◆ **Task directions**: Output each record below exactly as it stands, leaving out the pictures.
(Provided material Opens)
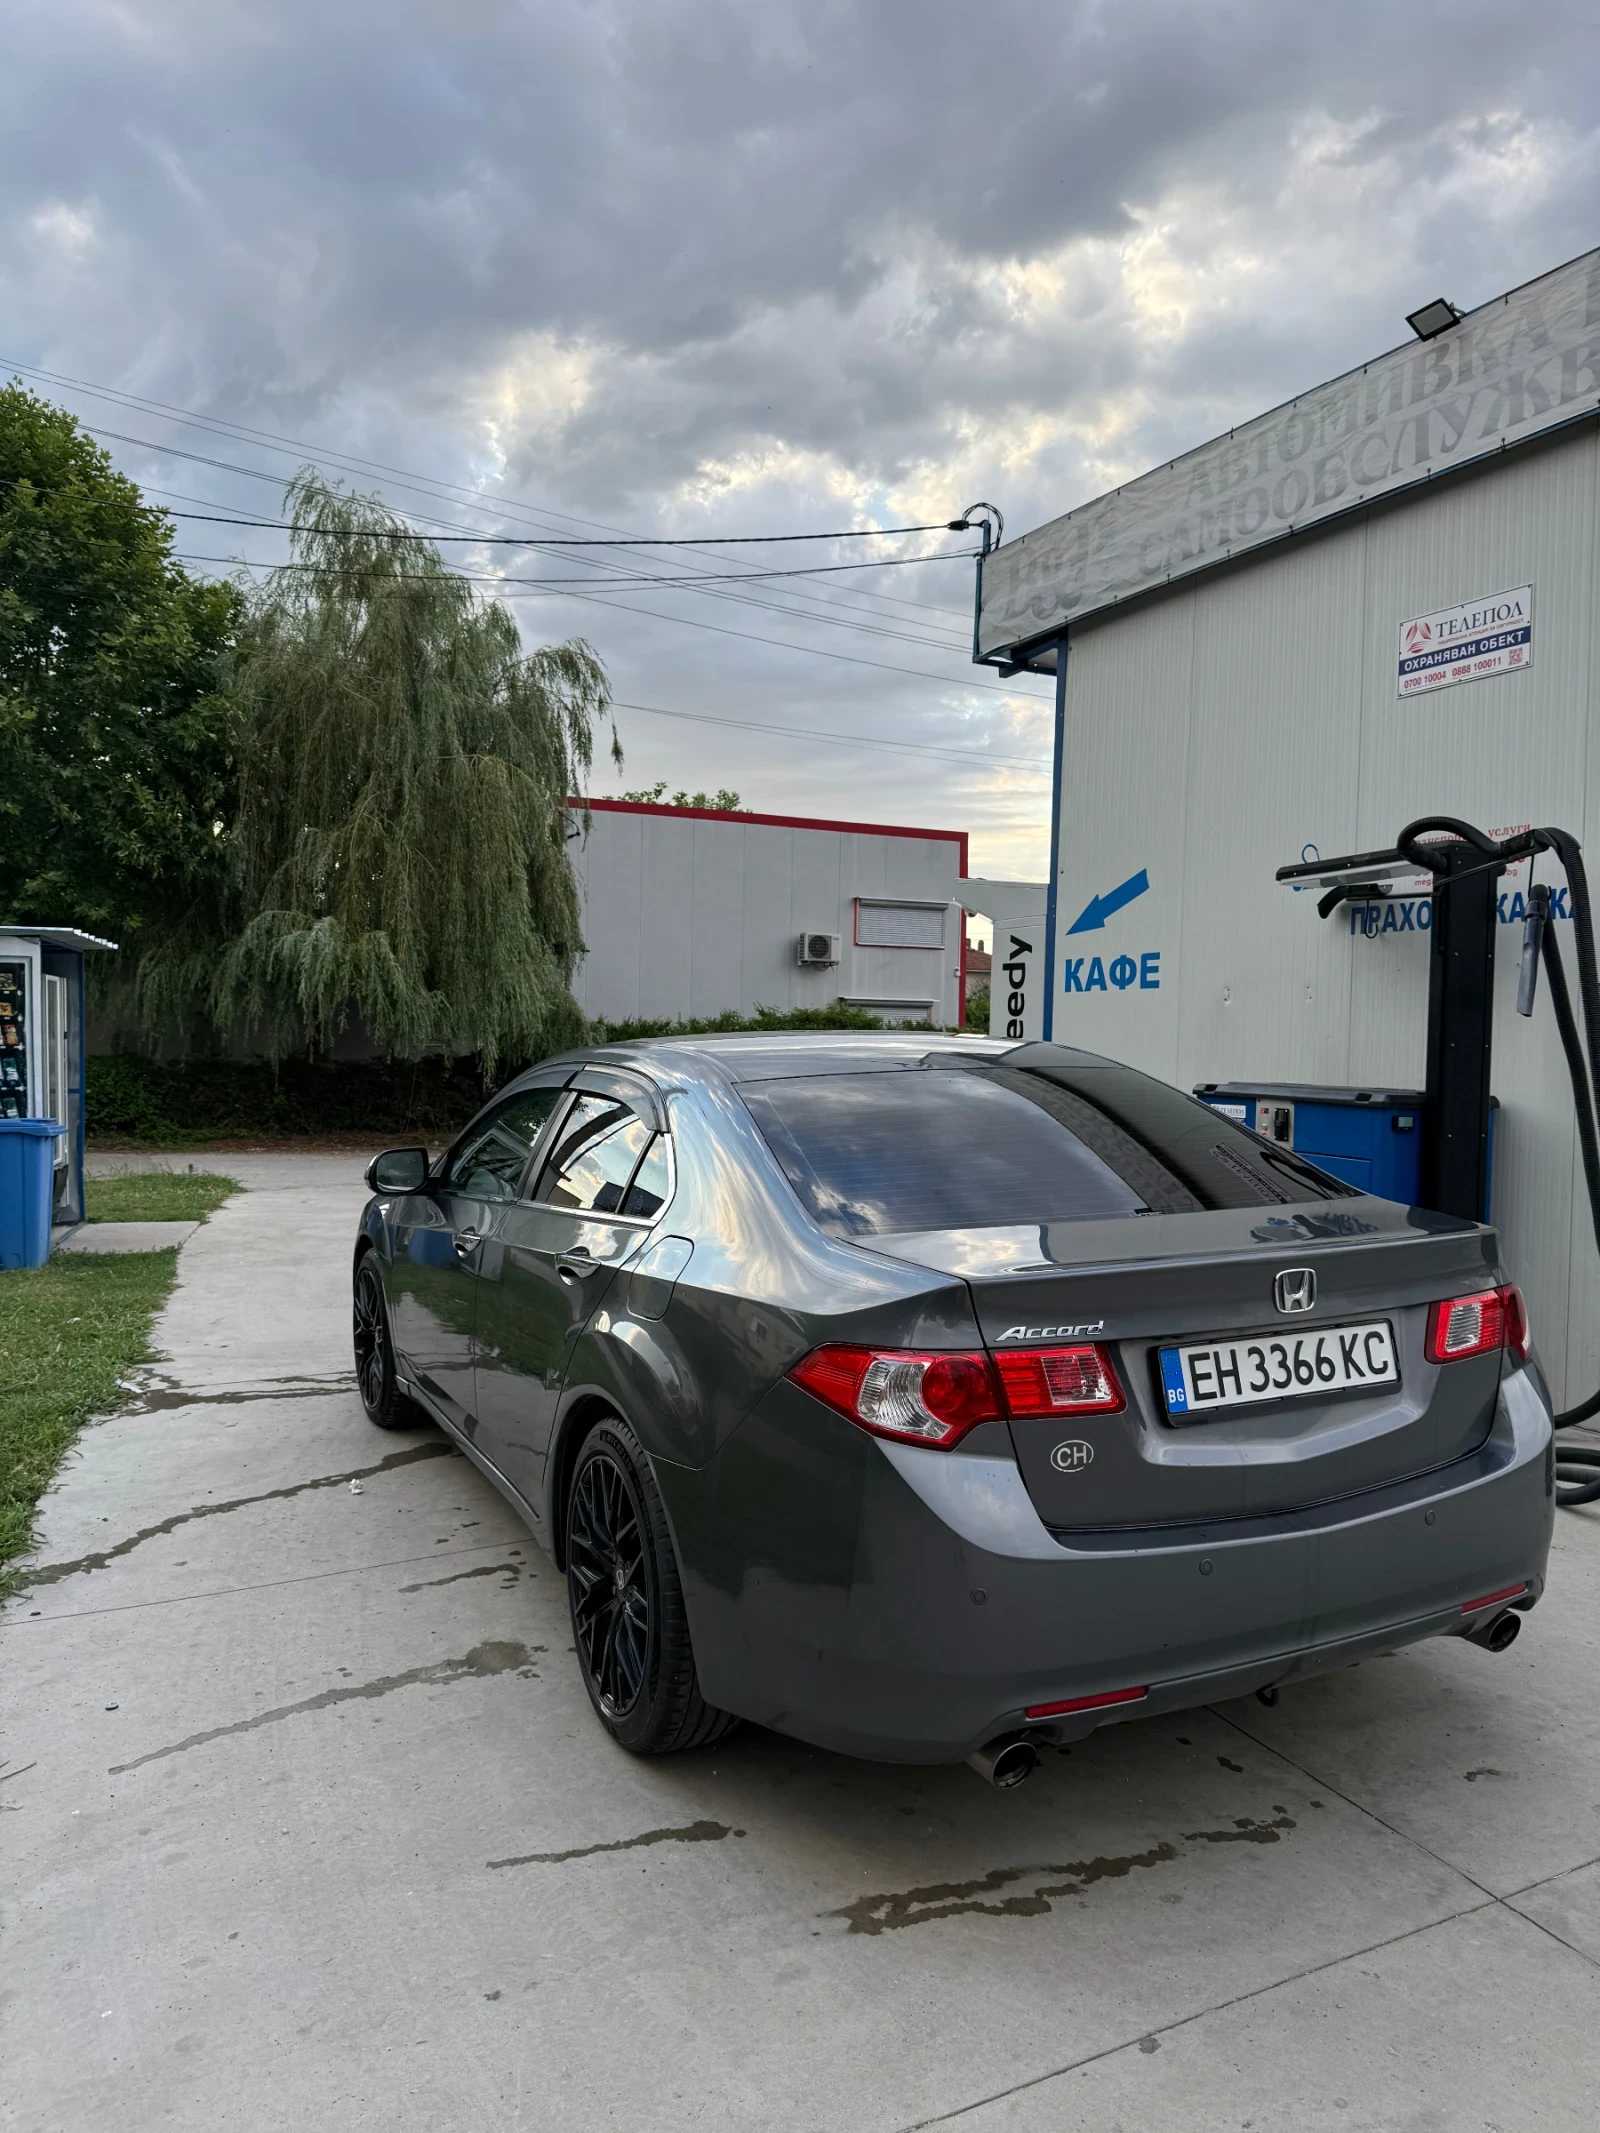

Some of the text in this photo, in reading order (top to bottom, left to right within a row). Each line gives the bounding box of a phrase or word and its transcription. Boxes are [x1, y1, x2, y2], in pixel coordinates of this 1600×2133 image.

[1184, 298, 1550, 507] АВТОМИВКА
[1435, 601, 1524, 638] ТЕЛЕПОЛ
[1437, 634, 1468, 645] НАЦИОНАЛНА
[1496, 618, 1524, 630] СИГУРНОСТ
[1404, 630, 1524, 672] ОХРАНЯВАН ОБЕКТ
[1404, 676, 1422, 689] 0700
[1424, 671, 1446, 684] 10004
[1452, 665, 1471, 677] 0888
[1474, 656, 1502, 672] 100011
[1488, 824, 1531, 838] услуги
[1064, 951, 1161, 993] КАФЕ
[995, 1319, 1104, 1343] Accord
[1247, 1337, 1336, 1393] 3366
[1168, 1388, 1185, 1404] BG
[1057, 1445, 1088, 1468] CH
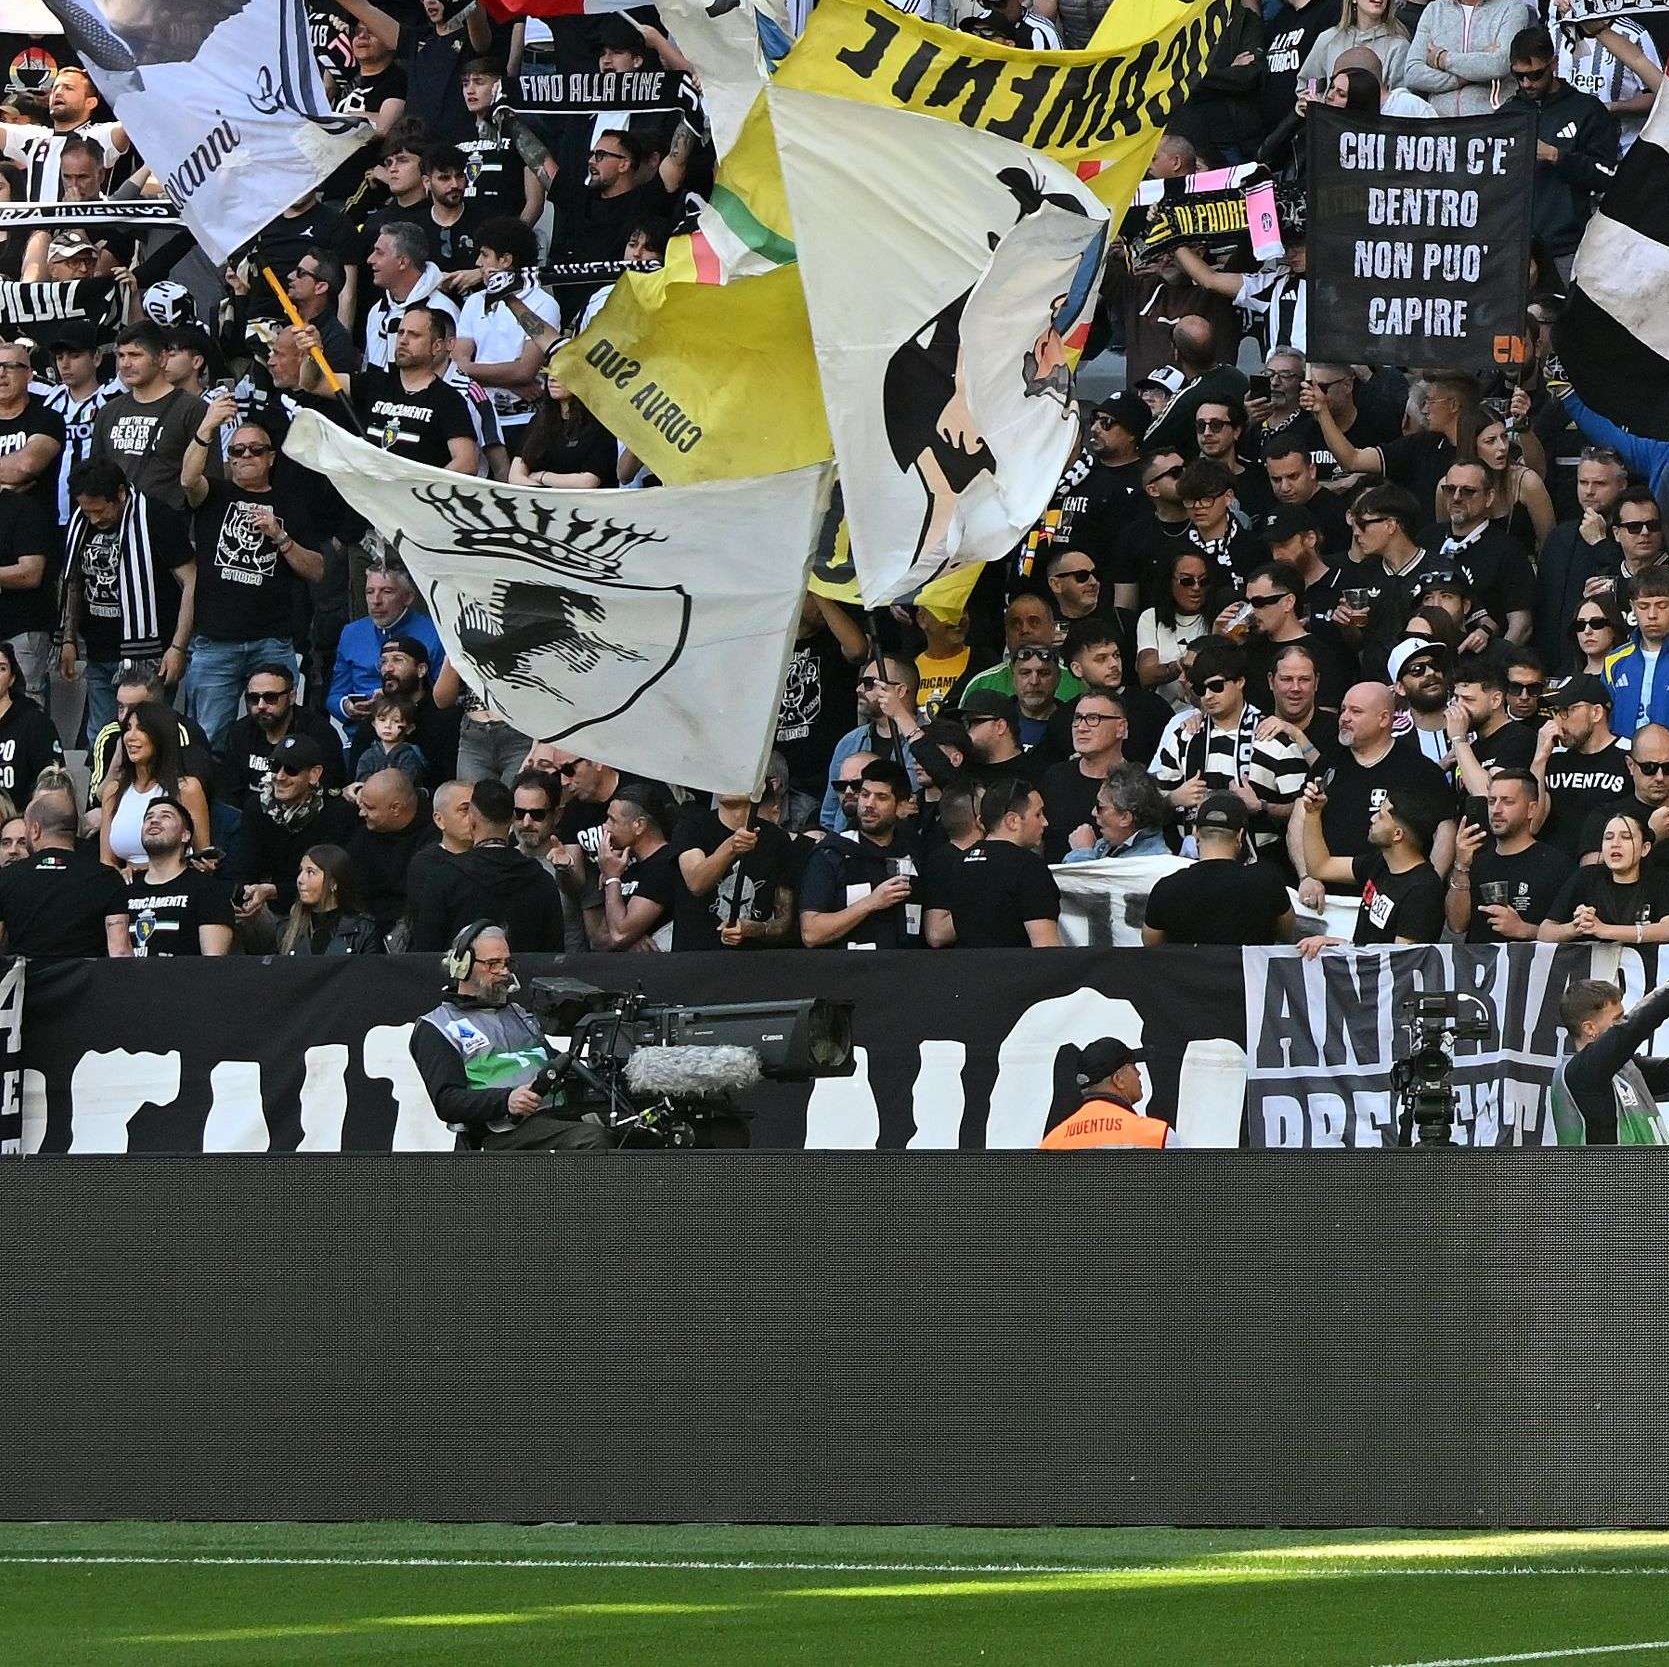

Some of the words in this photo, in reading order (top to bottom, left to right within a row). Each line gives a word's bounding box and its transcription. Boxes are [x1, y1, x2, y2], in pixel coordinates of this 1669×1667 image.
(Provided material Closes)
◆ **Task answer**:
Some of the text in this photo, in reading order (top to bottom, left to right within a row). Each line gives the bounding box of a phrase or word and its transcription. Boxes are [x1, y1, x2, y2], in pixel coordinates of this 1600×2133 image.

[1184, 298, 1550, 507] АВТОМИВКА
[1435, 601, 1524, 638] ТЕЛЕПОЛ
[1437, 634, 1468, 645] НАЦИОНАЛНА
[1496, 618, 1524, 630] СИГУРНОСТ
[1404, 630, 1524, 672] ОХРАНЯВАН ОБЕКТ
[1404, 676, 1422, 689] 0700
[1424, 671, 1446, 684] 10004
[1452, 665, 1471, 677] 0888
[1474, 656, 1502, 672] 100011
[1488, 824, 1531, 838] услуги
[1064, 951, 1161, 993] КАФЕ
[995, 1319, 1104, 1343] Accord
[1247, 1337, 1336, 1393] 3366
[1168, 1388, 1185, 1404] BG
[1057, 1445, 1088, 1468] CH

Some of the words in this photo, in reading order (top to bottom, left to right within a row). Each line gives a word's bounding box and its transcription. Boxes are [x1, y1, x2, y2], in pixel coordinates of this 1669×1667 image.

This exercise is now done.